* **Prompt**
The records that follow are to be repeated exactly, with the pictures removed.
[Input records — start]
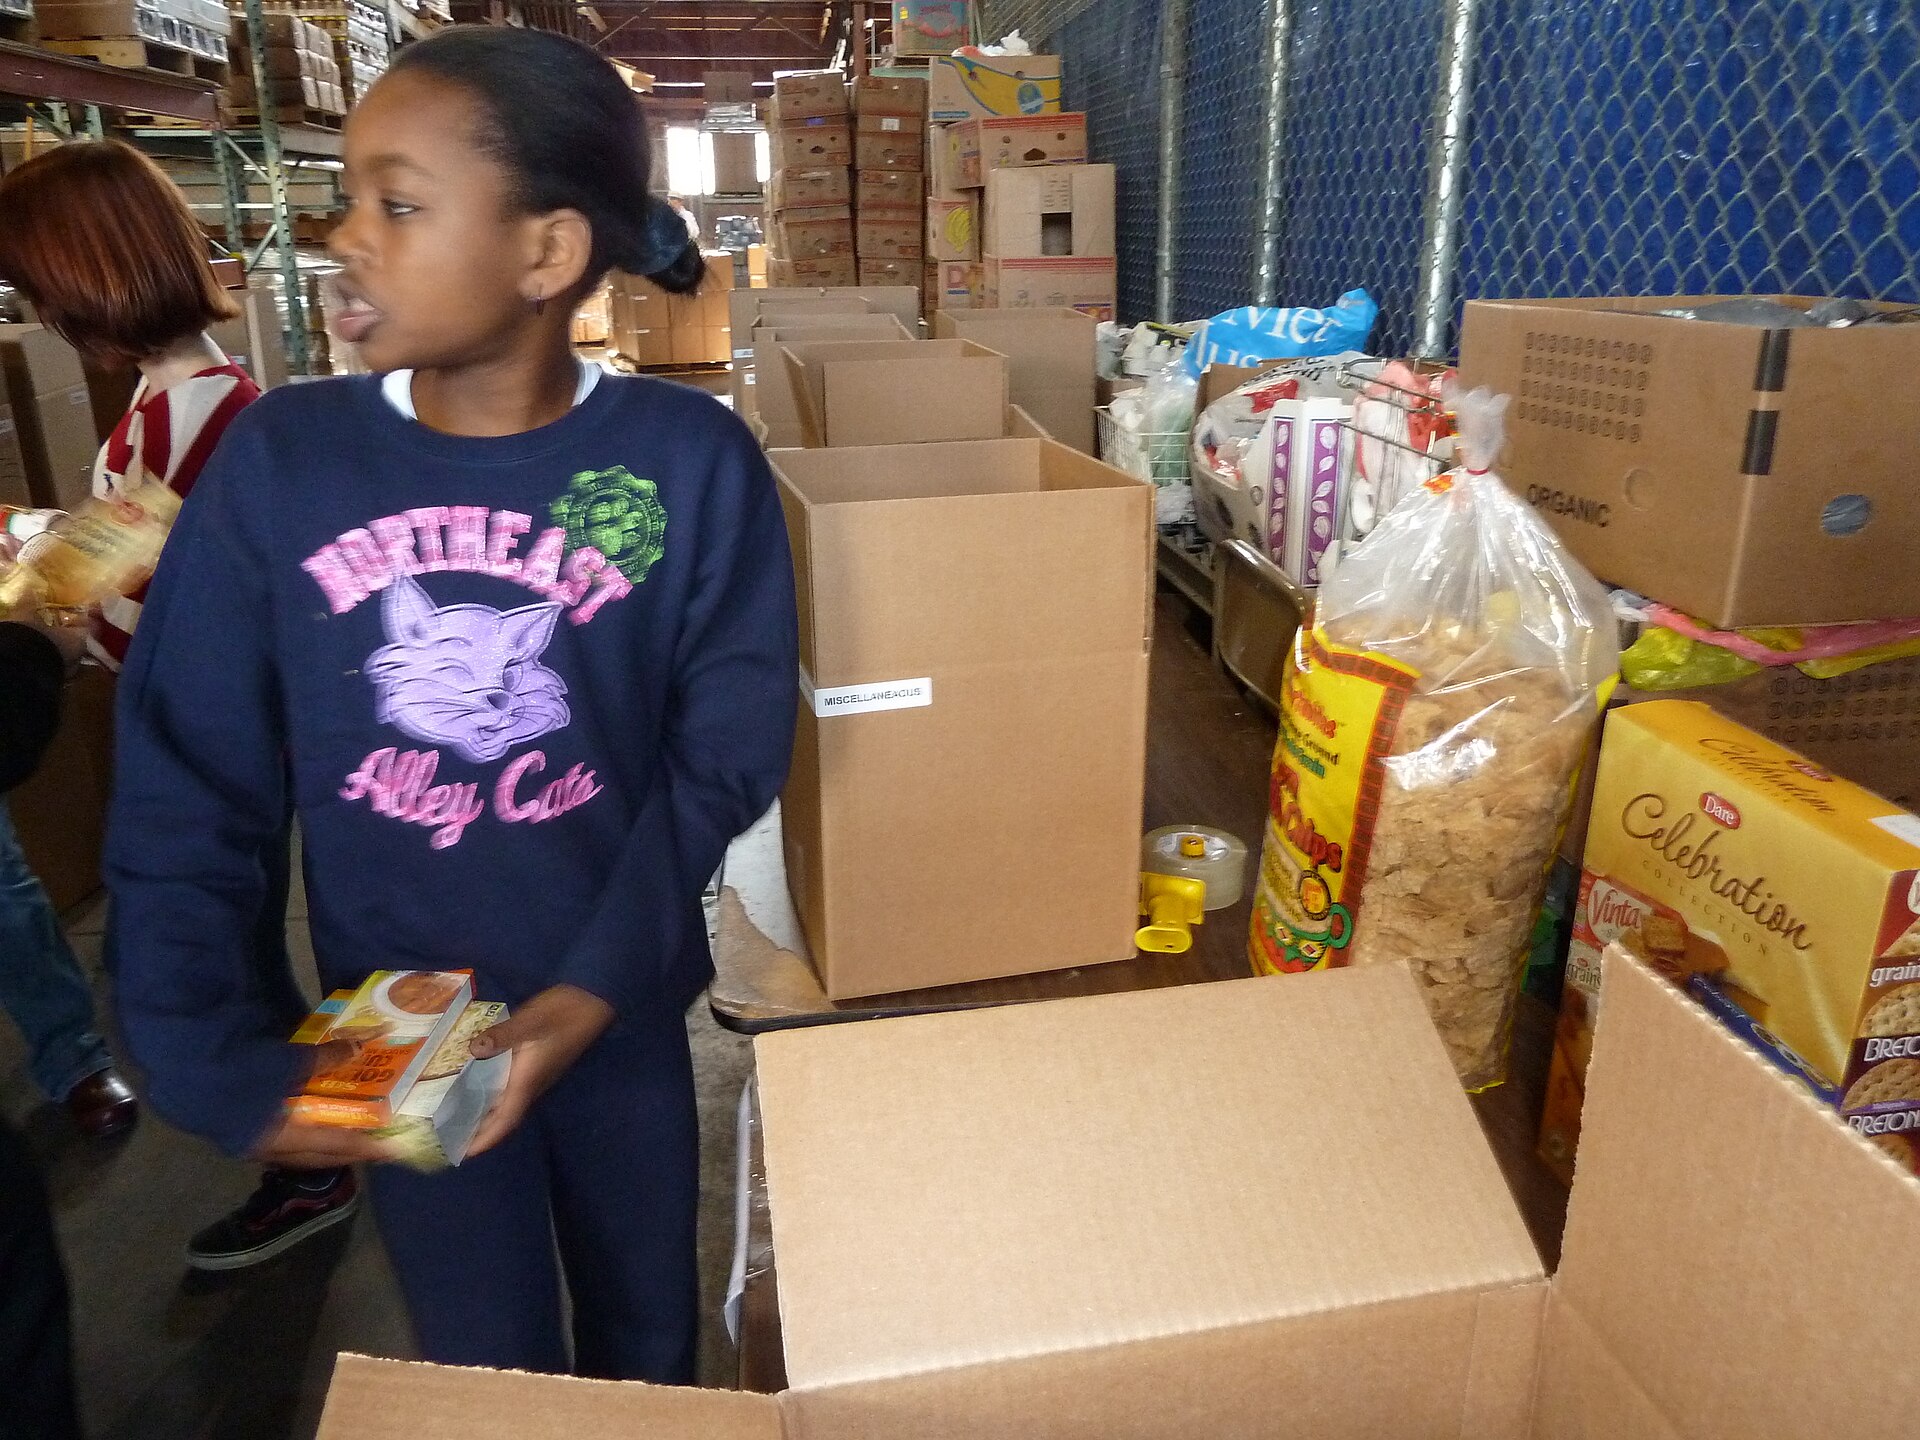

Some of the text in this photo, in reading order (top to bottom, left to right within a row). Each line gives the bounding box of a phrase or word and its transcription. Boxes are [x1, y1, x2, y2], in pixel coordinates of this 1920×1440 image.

[1526, 483, 1611, 528] ORGANIC
[338, 746, 605, 850] Alley Cats
[1703, 796, 1736, 825] Dare
[1622, 793, 1812, 950] Celebration
[1592, 889, 1642, 929] Vinta
[1642, 859, 1767, 955] COLLECTION
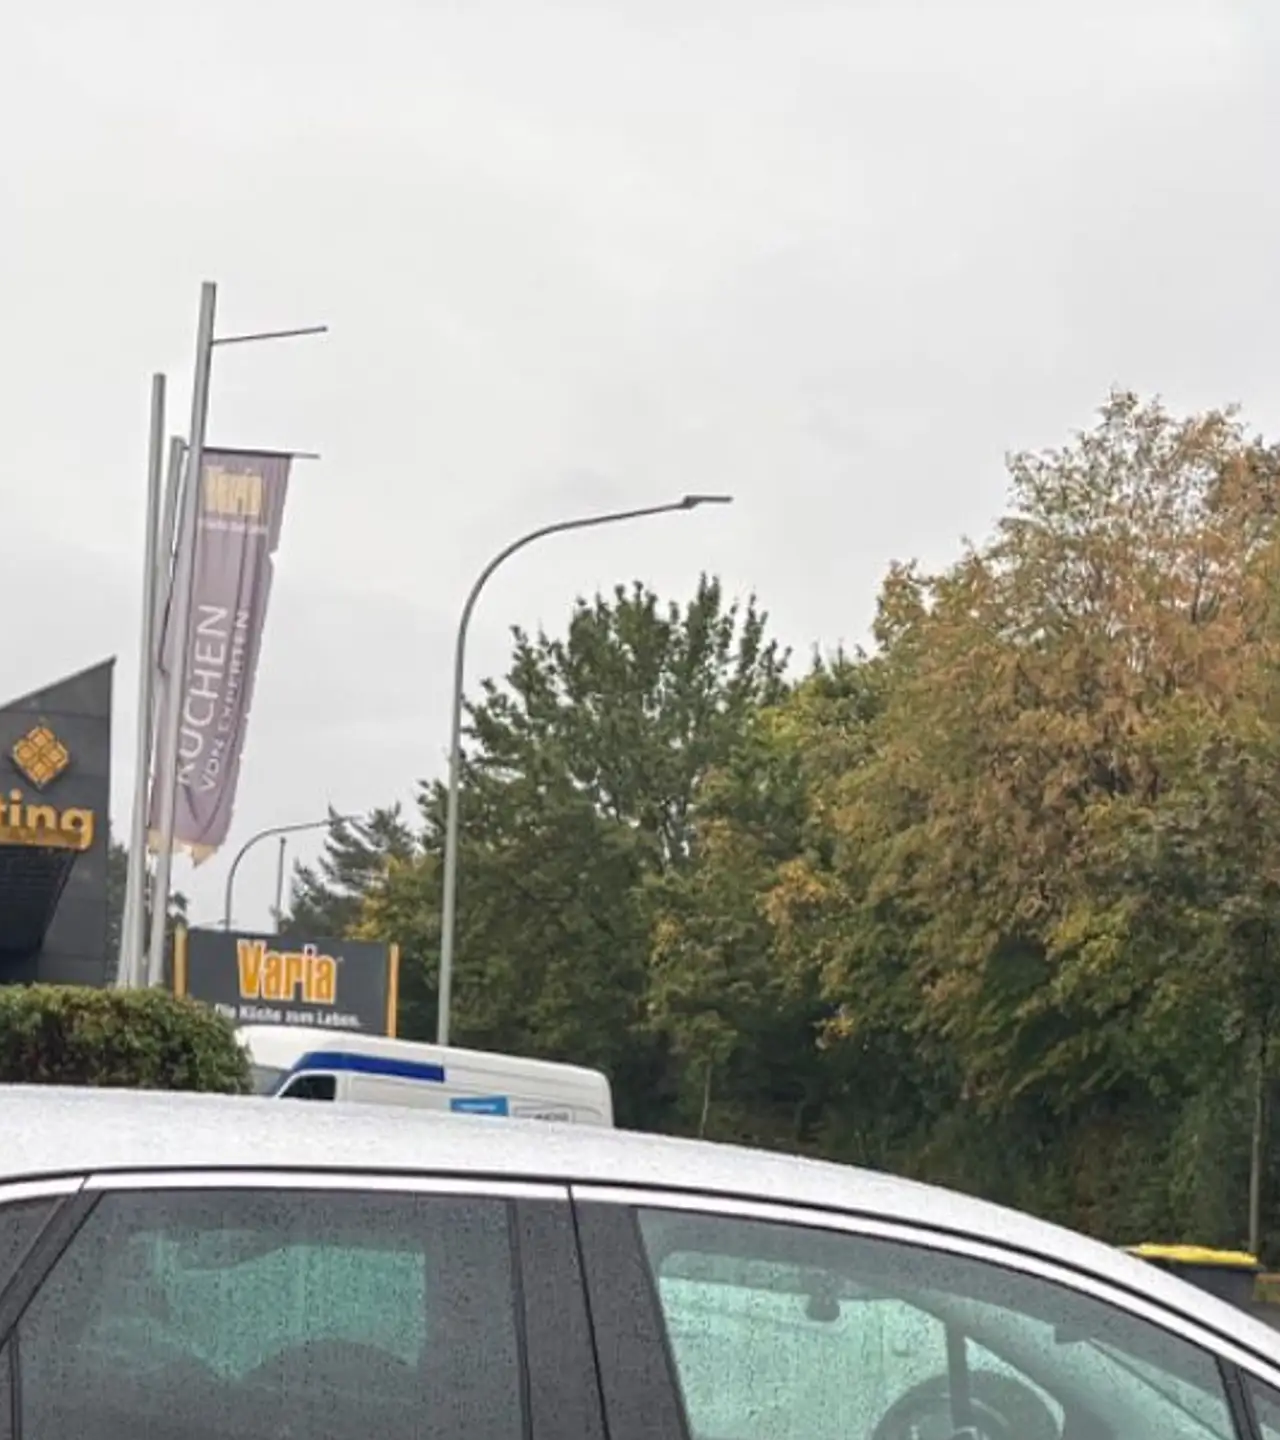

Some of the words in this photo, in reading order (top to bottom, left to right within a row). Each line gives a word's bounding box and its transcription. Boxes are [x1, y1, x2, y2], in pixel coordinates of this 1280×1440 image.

[237, 938, 338, 1004] Varia
[239, 1004, 282, 1022] Küche
[285, 1010, 314, 1024] zum
[Input records — finish]
* **Answer to this task**
Some of the text in this photo, in reading order (top to bottom, left to right within a row). Each line gives the bounding box of a phrase or word and its transcription. Boxes are [x1, y1, x2, y2], in pixel coordinates of this 1920×1440 image.

[1526, 483, 1611, 528] ORGANIC
[338, 746, 605, 850] Alley Cats
[1703, 796, 1736, 825] Dare
[1622, 793, 1812, 950] Celebration
[1592, 889, 1642, 929] Vinta
[1642, 859, 1767, 955] COLLECTION

Some of the words in this photo, in reading order (top to bottom, left to right within a row). Each line gives a word's bounding box and its transcription. Boxes are [x1, y1, x2, y2], in pixel coordinates of this 1280×1440 image.

[237, 938, 338, 1004] Varia
[239, 1004, 282, 1022] Küche
[285, 1010, 314, 1024] zum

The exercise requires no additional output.